What the task requires:
An exact reprint of the listing is required, with no pictures included.

Records for processing:
------------------------------------------------
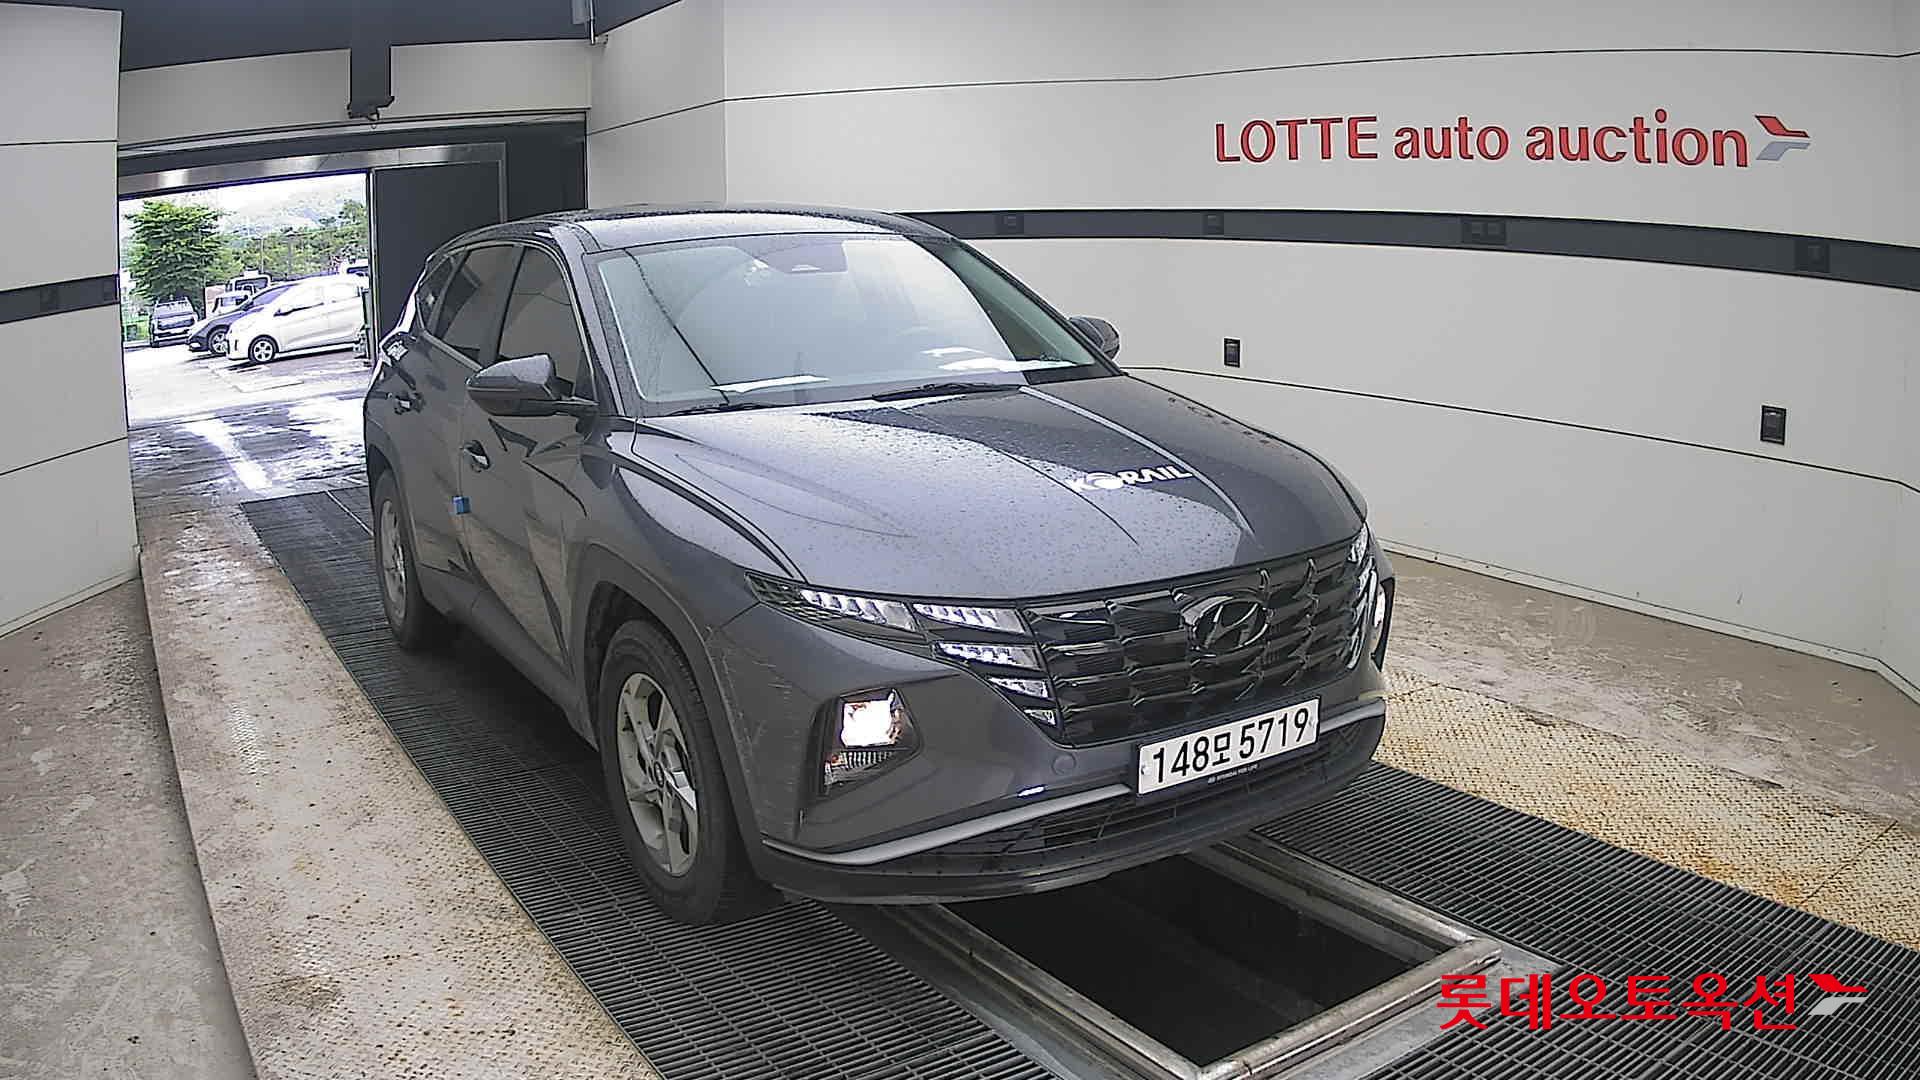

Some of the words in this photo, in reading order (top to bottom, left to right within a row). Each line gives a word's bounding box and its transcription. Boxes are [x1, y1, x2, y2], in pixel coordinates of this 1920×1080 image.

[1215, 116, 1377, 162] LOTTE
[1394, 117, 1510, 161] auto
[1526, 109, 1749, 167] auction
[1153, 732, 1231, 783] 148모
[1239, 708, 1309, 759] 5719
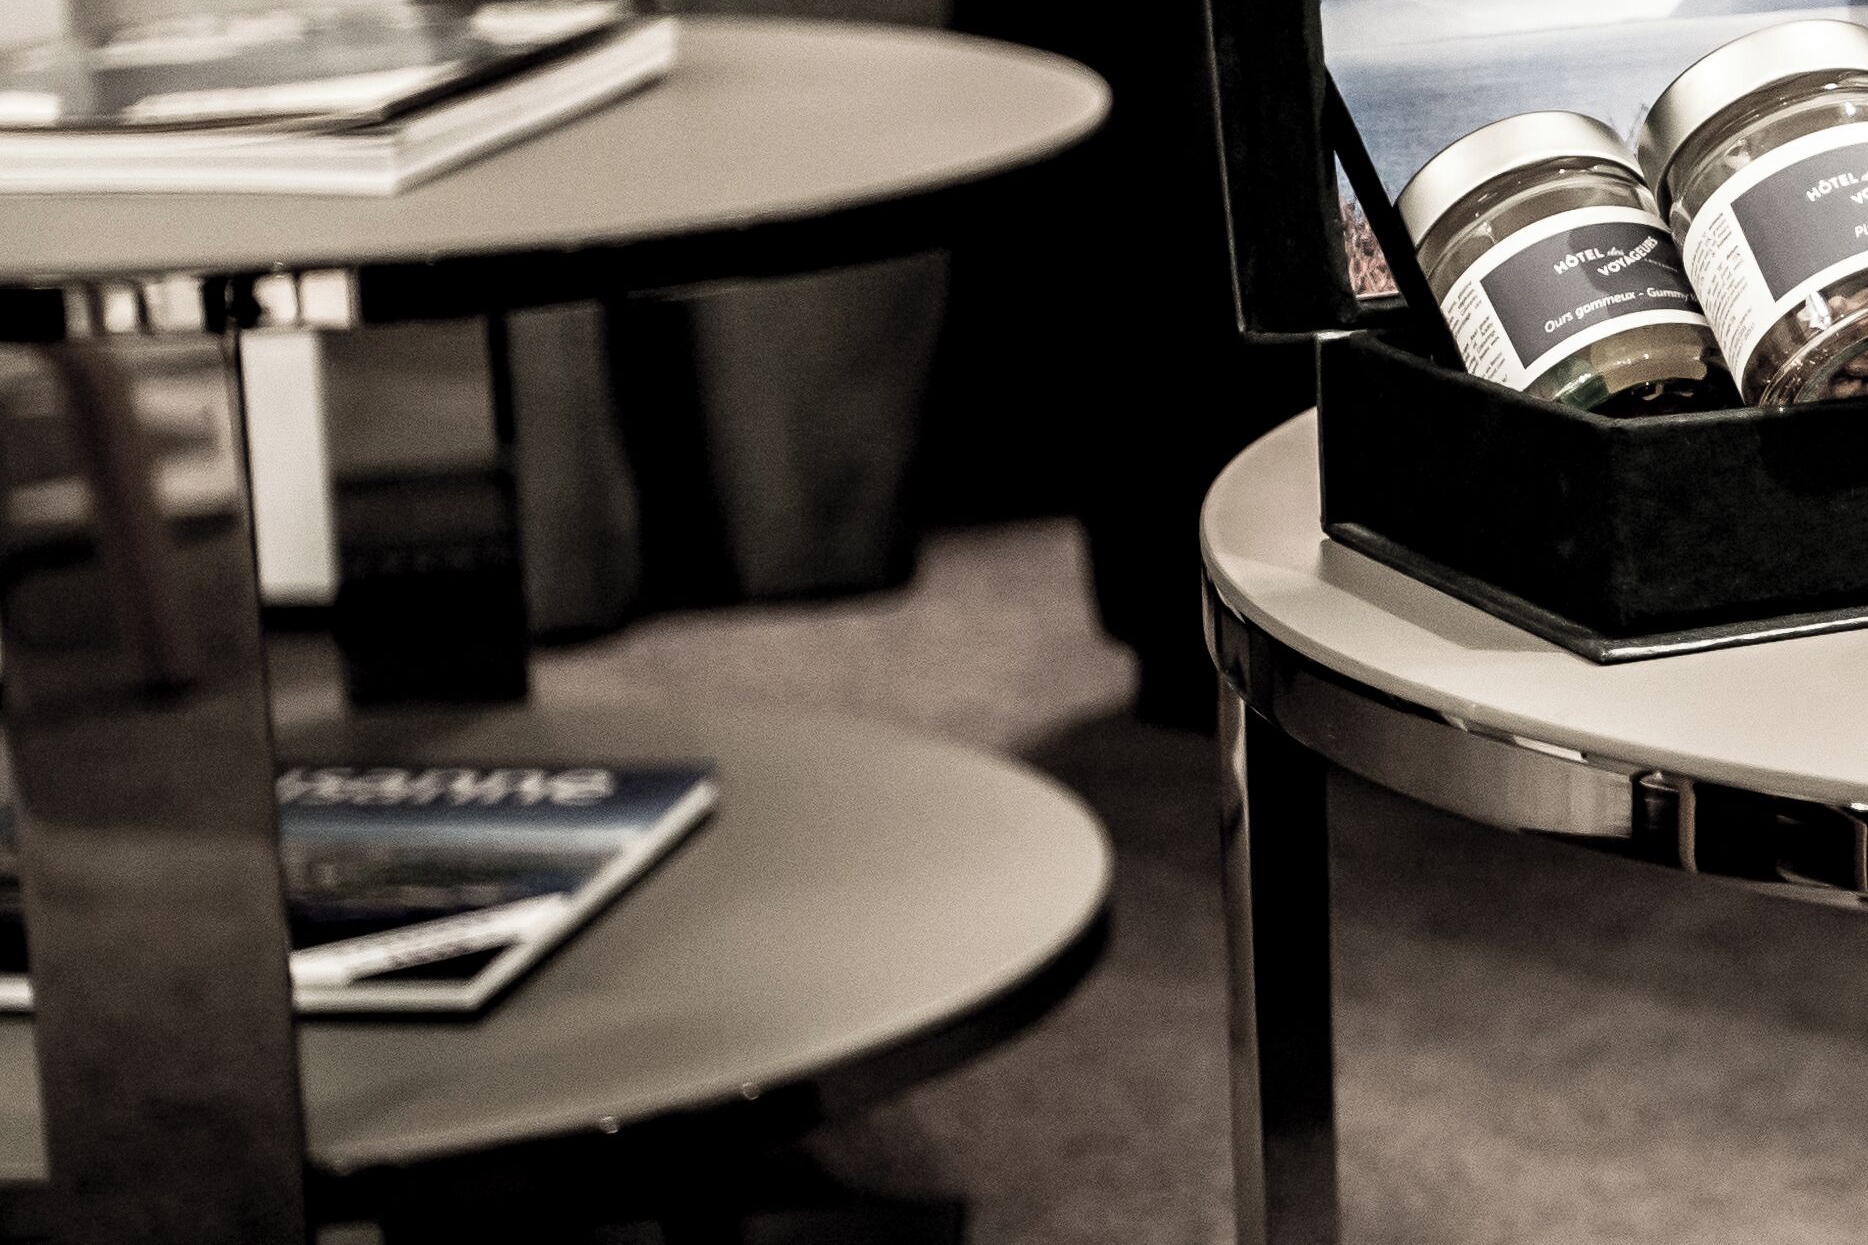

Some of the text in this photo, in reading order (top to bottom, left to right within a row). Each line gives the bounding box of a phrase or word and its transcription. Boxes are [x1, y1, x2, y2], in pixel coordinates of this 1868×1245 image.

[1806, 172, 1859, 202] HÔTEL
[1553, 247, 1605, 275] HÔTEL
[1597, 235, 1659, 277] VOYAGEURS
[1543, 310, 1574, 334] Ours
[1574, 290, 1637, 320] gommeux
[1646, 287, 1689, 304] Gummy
------------------------------------------------
Worked solution:
Some of the words in this photo, in reading order (top to bottom, left to right within a row). Each line gives a word's bounding box and its transcription. Boxes are [x1, y1, x2, y2], in pixel coordinates of this 1920×1080 image.

[1215, 116, 1377, 162] LOTTE
[1394, 117, 1510, 161] auto
[1526, 109, 1749, 167] auction
[1153, 732, 1231, 783] 148모
[1239, 708, 1309, 759] 5719

Some of the text in this photo, in reading order (top to bottom, left to right within a row). Each line gives the bounding box of a phrase or word and its transcription. Boxes are [x1, y1, x2, y2], in pixel coordinates of this 1868×1245 image.

[1806, 172, 1859, 202] HÔTEL
[1553, 247, 1605, 275] HÔTEL
[1597, 235, 1659, 277] VOYAGEURS
[1543, 310, 1574, 334] Ours
[1574, 290, 1637, 320] gommeux
[1646, 287, 1689, 304] Gummy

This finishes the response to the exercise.